### [WHAT THIS TASK INVOLVES]
Reproduce, exactly and in full, the records that follow, minus any pictures.

⁂

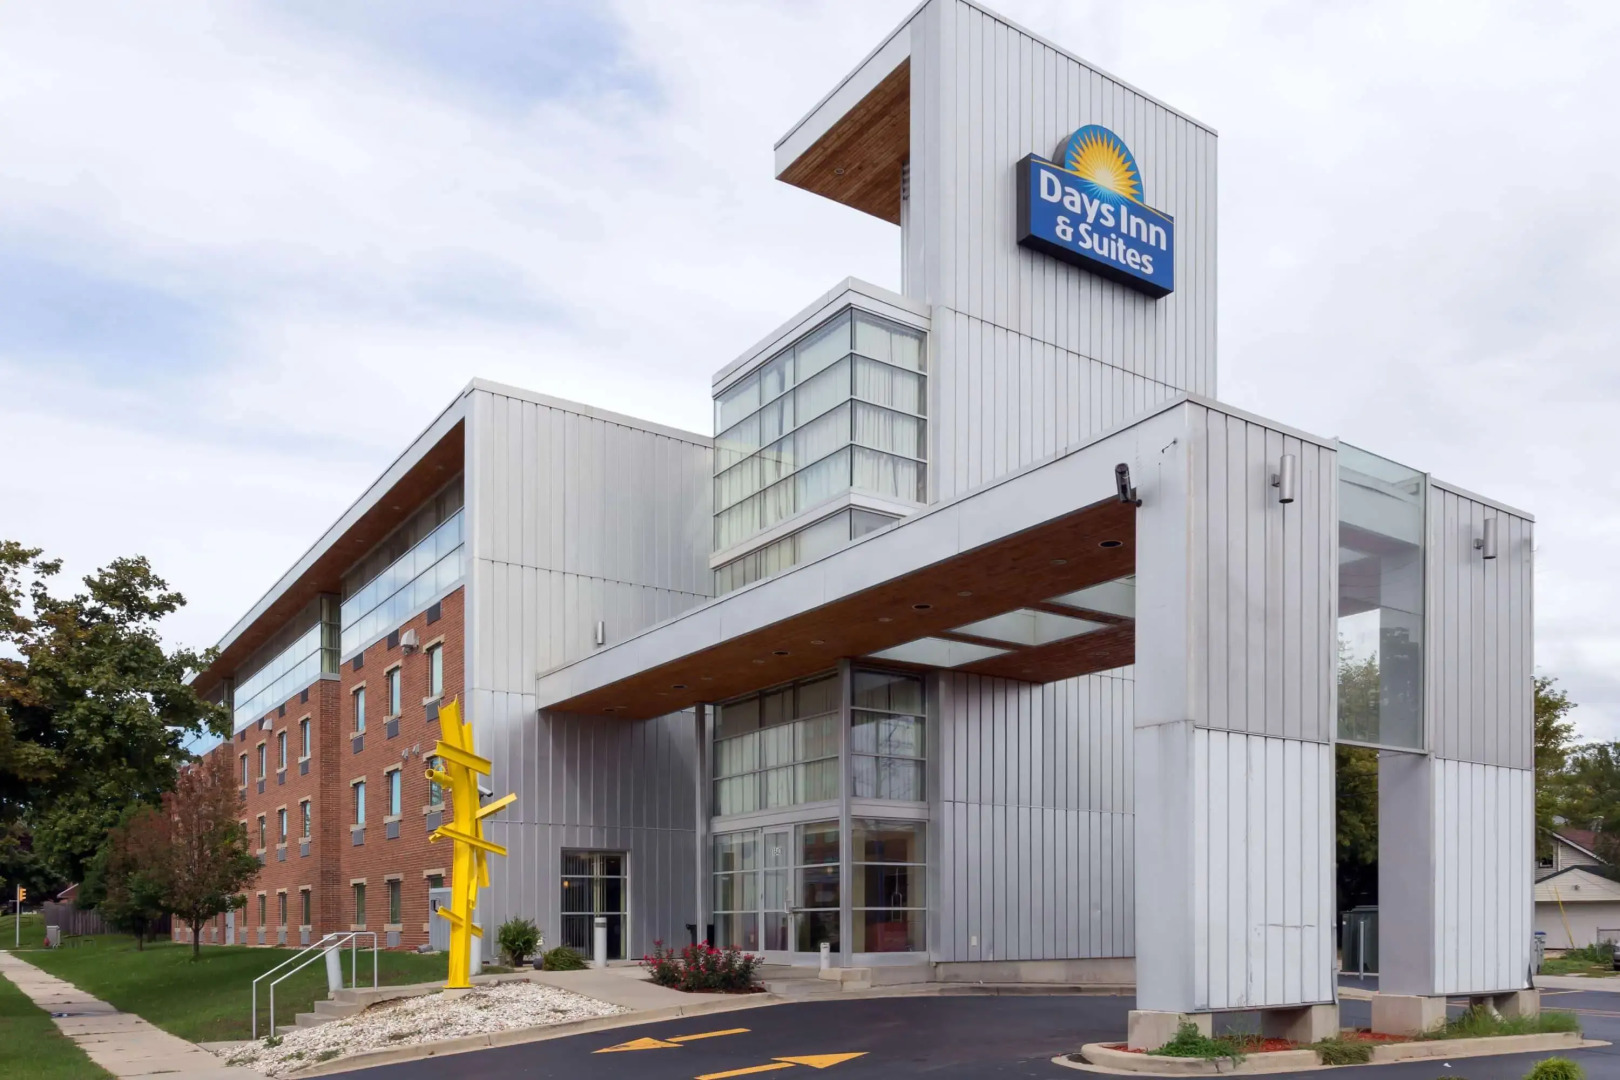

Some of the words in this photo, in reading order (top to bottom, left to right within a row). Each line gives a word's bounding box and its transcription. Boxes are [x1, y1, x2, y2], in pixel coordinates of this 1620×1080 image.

[1040, 168, 1115, 227] Days
[1120, 204, 1167, 251] Inn
[1055, 215, 1074, 242] &
[1078, 223, 1154, 275] Suites
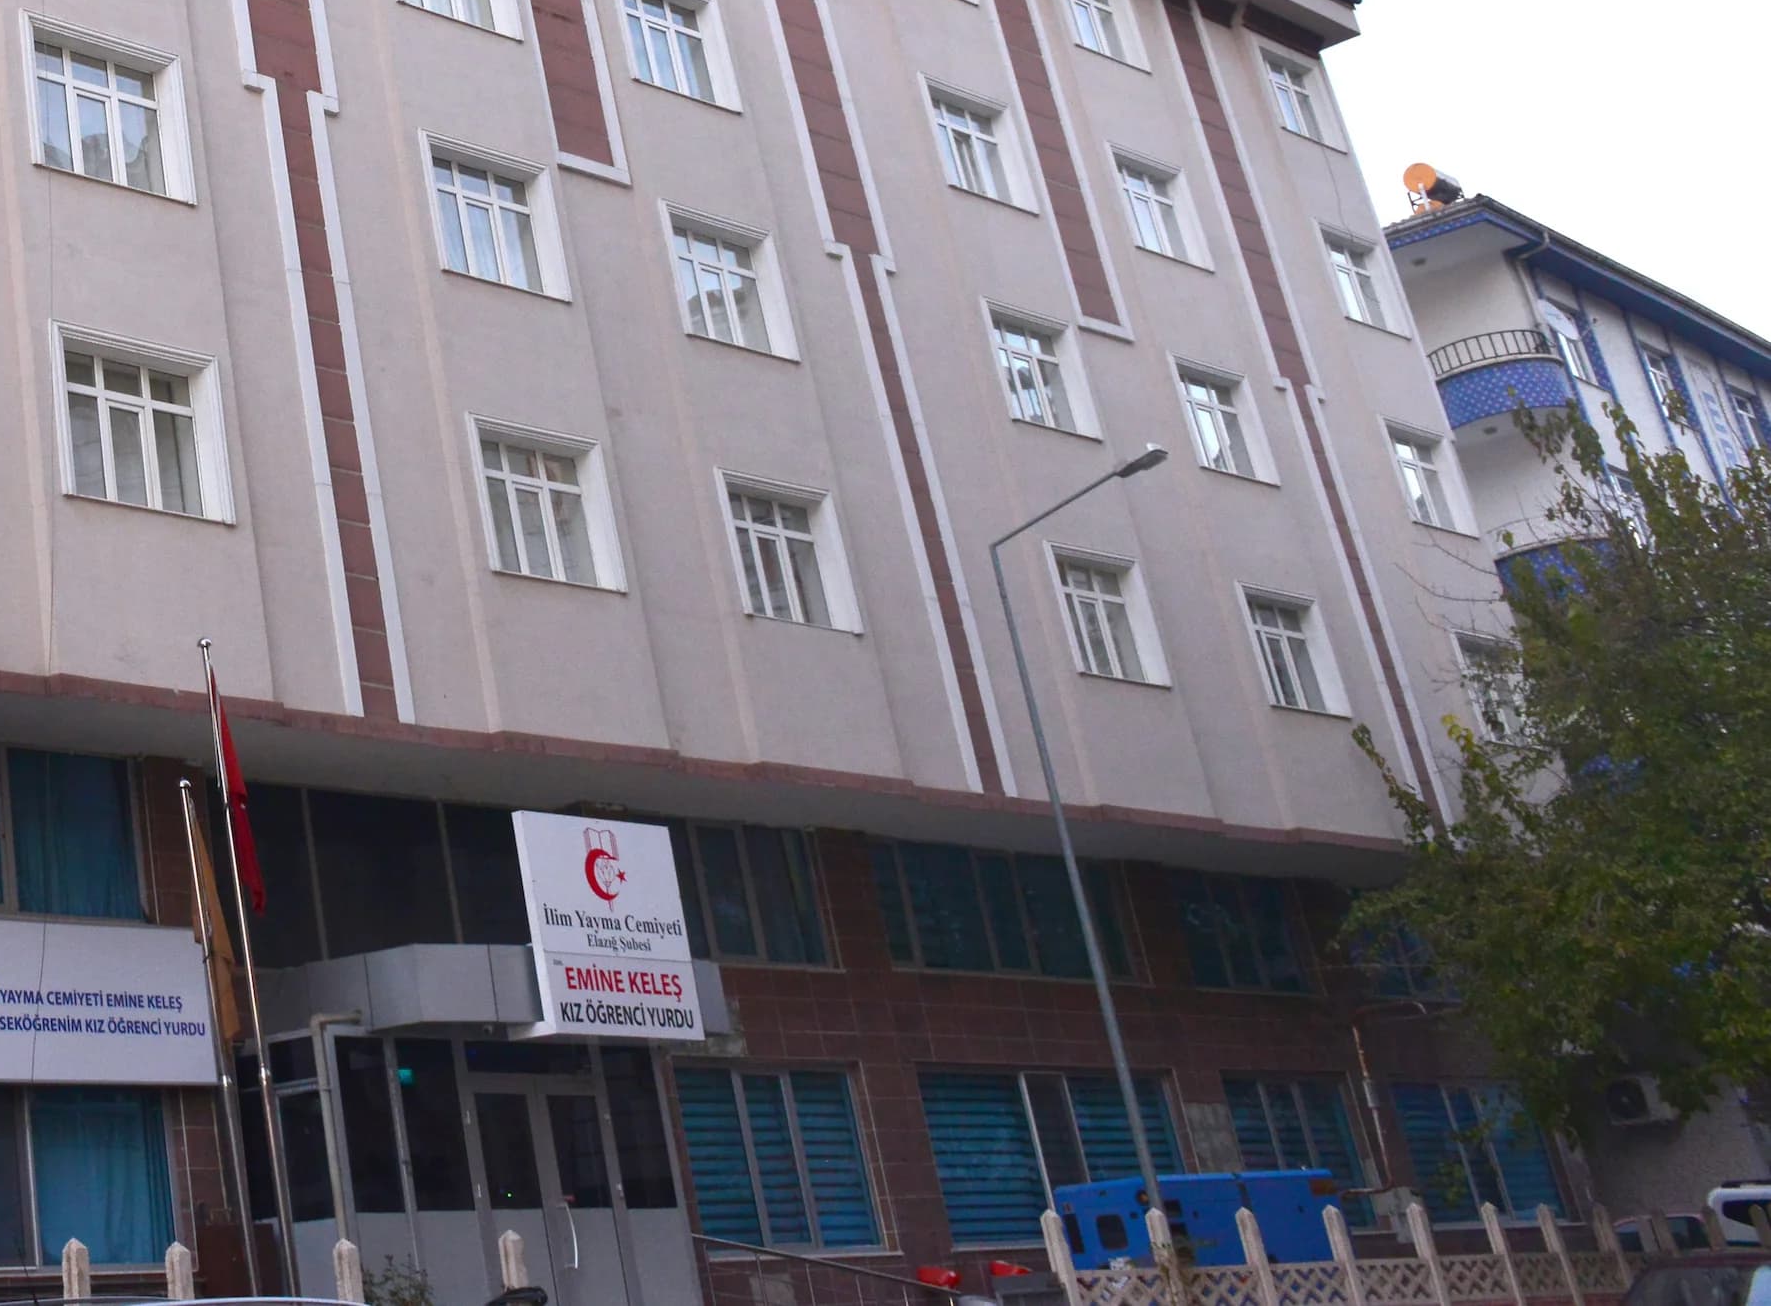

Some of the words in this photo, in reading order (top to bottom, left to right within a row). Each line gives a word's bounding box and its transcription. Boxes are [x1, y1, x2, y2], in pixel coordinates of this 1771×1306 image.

[543, 903, 573, 927] İlim
[575, 910, 622, 934] Yayma
[624, 915, 683, 939] Cemiyeti
[587, 933, 618, 951] Elazığ
[619, 936, 651, 952] Şubesi
[565, 963, 625, 993] EMİNE
[628, 971, 683, 1002] KELEŞ
[0, 989, 44, 1005] YAYMA
[46, 989, 104, 1007] CEMİYETİ
[107, 991, 145, 1009] EMİNE
[147, 995, 183, 1013] KELEŞ
[560, 1001, 584, 1023] KIZ
[586, 999, 646, 1026] ÖĞRENCİ
[647, 1006, 694, 1029] YURDU
[85, 1019, 105, 1034] KIZ
[108, 1017, 162, 1035] ÖĞRENCİ
[164, 1021, 205, 1037] YURDU
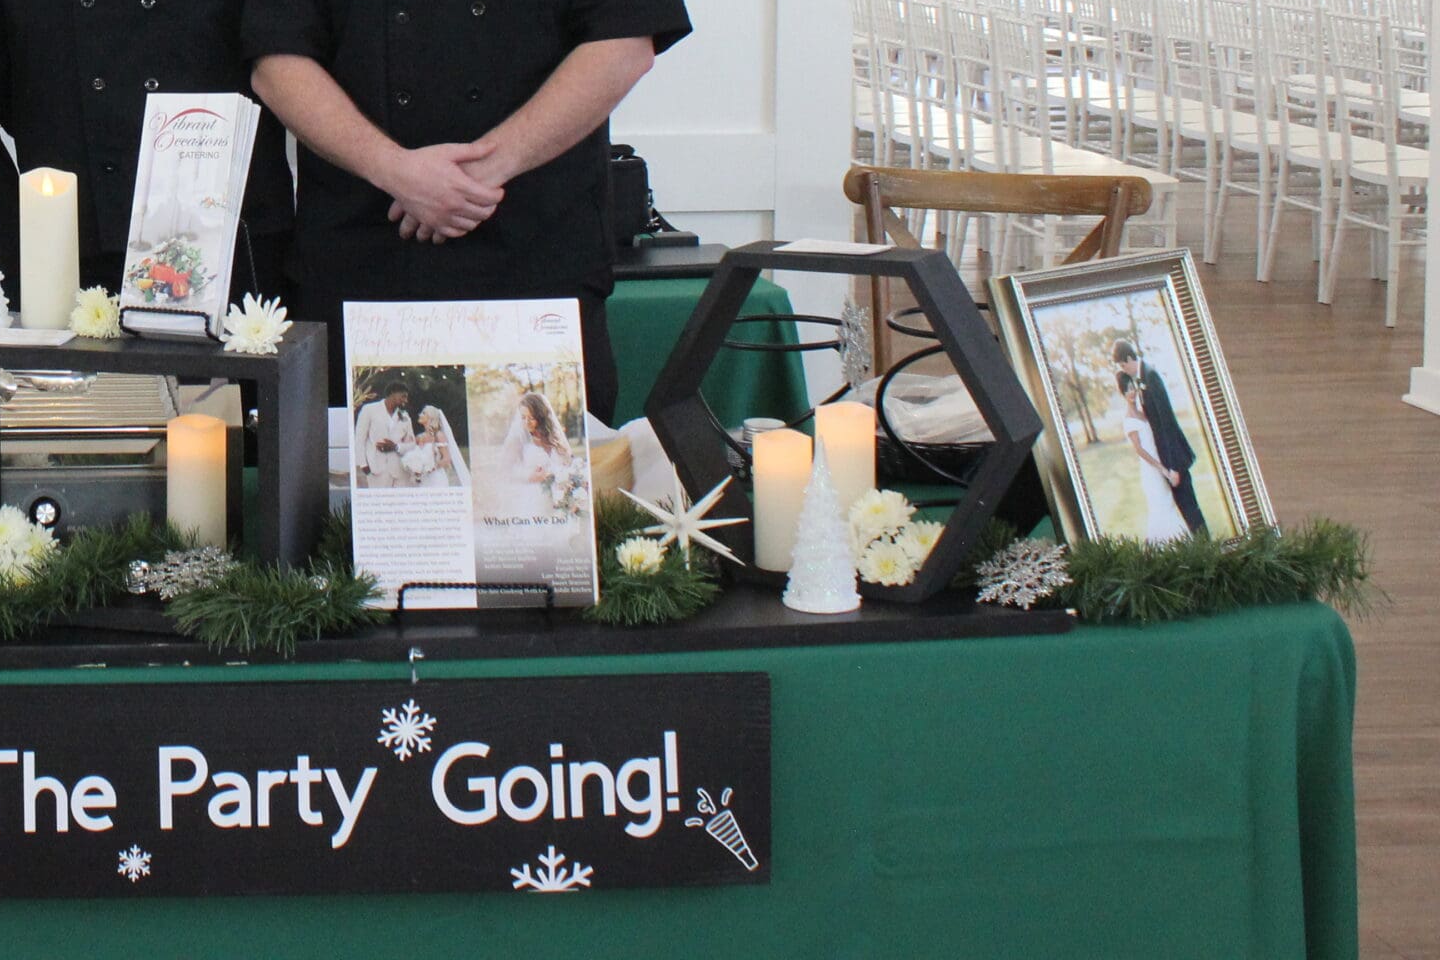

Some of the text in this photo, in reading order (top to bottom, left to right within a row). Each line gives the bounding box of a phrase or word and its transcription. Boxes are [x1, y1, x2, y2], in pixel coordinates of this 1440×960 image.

[149, 110, 222, 134] Vibrant
[154, 131, 229, 152] Occasions
[179, 151, 220, 160] CATERING
[483, 515, 509, 527] What
[511, 515, 530, 526] Can
[532, 514, 549, 526] We
[159, 744, 378, 849] Party
[431, 730, 681, 838] Going!
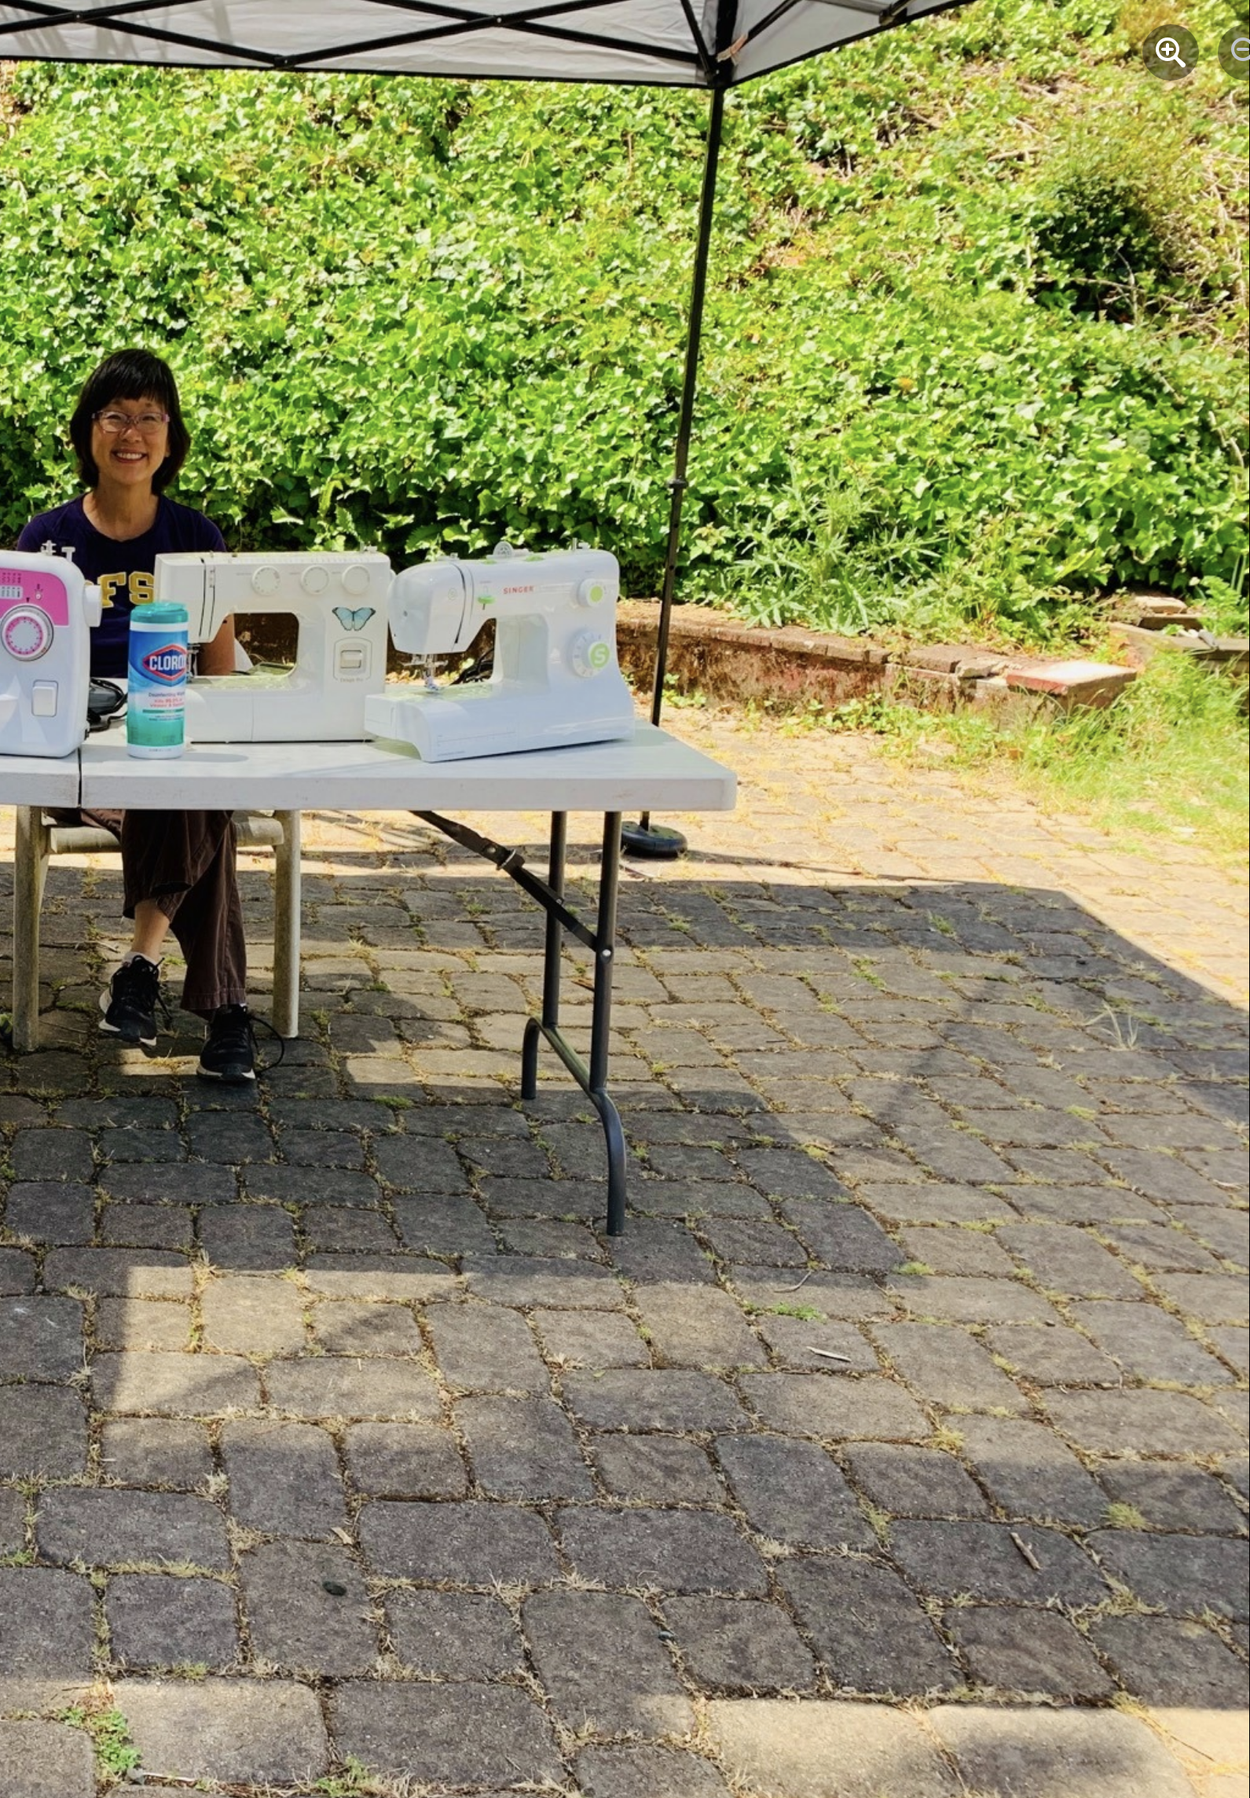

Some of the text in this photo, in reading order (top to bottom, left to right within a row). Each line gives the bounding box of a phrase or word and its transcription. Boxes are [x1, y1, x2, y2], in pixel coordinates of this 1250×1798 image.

[85, 571, 155, 609] FS
[503, 585, 535, 595] SINGER
[149, 654, 186, 671] CLORO

⁂

### [ANSWER SECTION]
Some of the words in this photo, in reading order (top to bottom, left to right within a row). Each line gives a word's bounding box and its transcription. Boxes are [x1, y1, x2, y2], in pixel coordinates of this 1620×1080 image.

[1040, 168, 1115, 227] Days
[1120, 204, 1167, 251] Inn
[1055, 215, 1074, 242] &
[1078, 223, 1154, 275] Suites

Some of the words in this photo, in reading order (top to bottom, left to right within a row). Each line gives a word's bounding box and its transcription. Boxes are [x1, y1, x2, y2], in pixel coordinates of this 1771×1306 image.

[543, 903, 573, 927] İlim
[575, 910, 622, 934] Yayma
[624, 915, 683, 939] Cemiyeti
[587, 933, 618, 951] Elazığ
[619, 936, 651, 952] Şubesi
[565, 963, 625, 993] EMİNE
[628, 971, 683, 1002] KELEŞ
[0, 989, 44, 1005] YAYMA
[46, 989, 104, 1007] CEMİYETİ
[107, 991, 145, 1009] EMİNE
[147, 995, 183, 1013] KELEŞ
[560, 1001, 584, 1023] KIZ
[586, 999, 646, 1026] ÖĞRENCİ
[647, 1006, 694, 1029] YURDU
[85, 1019, 105, 1034] KIZ
[108, 1017, 162, 1035] ÖĞRENCİ
[164, 1021, 205, 1037] YURDU

Some of the text in this photo, in reading order (top to bottom, left to right within a row). Each line gives the bounding box of a phrase or word and its transcription. Boxes are [x1, y1, x2, y2], in pixel coordinates of this 1440×960 image.

[149, 110, 222, 134] Vibrant
[154, 131, 229, 152] Occasions
[179, 151, 220, 160] CATERING
[483, 515, 509, 527] What
[511, 515, 530, 526] Can
[532, 514, 549, 526] We
[159, 744, 378, 849] Party
[431, 730, 681, 838] Going!

Some of the text in this photo, in reading order (top to bottom, left to right within a row). Each line gives the bounding box of a phrase or word and its transcription. Boxes are [x1, y1, x2, y2], in pixel coordinates of this 1250×1798 image.

[85, 571, 155, 609] FS
[503, 585, 535, 595] SINGER
[149, 654, 186, 671] CLORO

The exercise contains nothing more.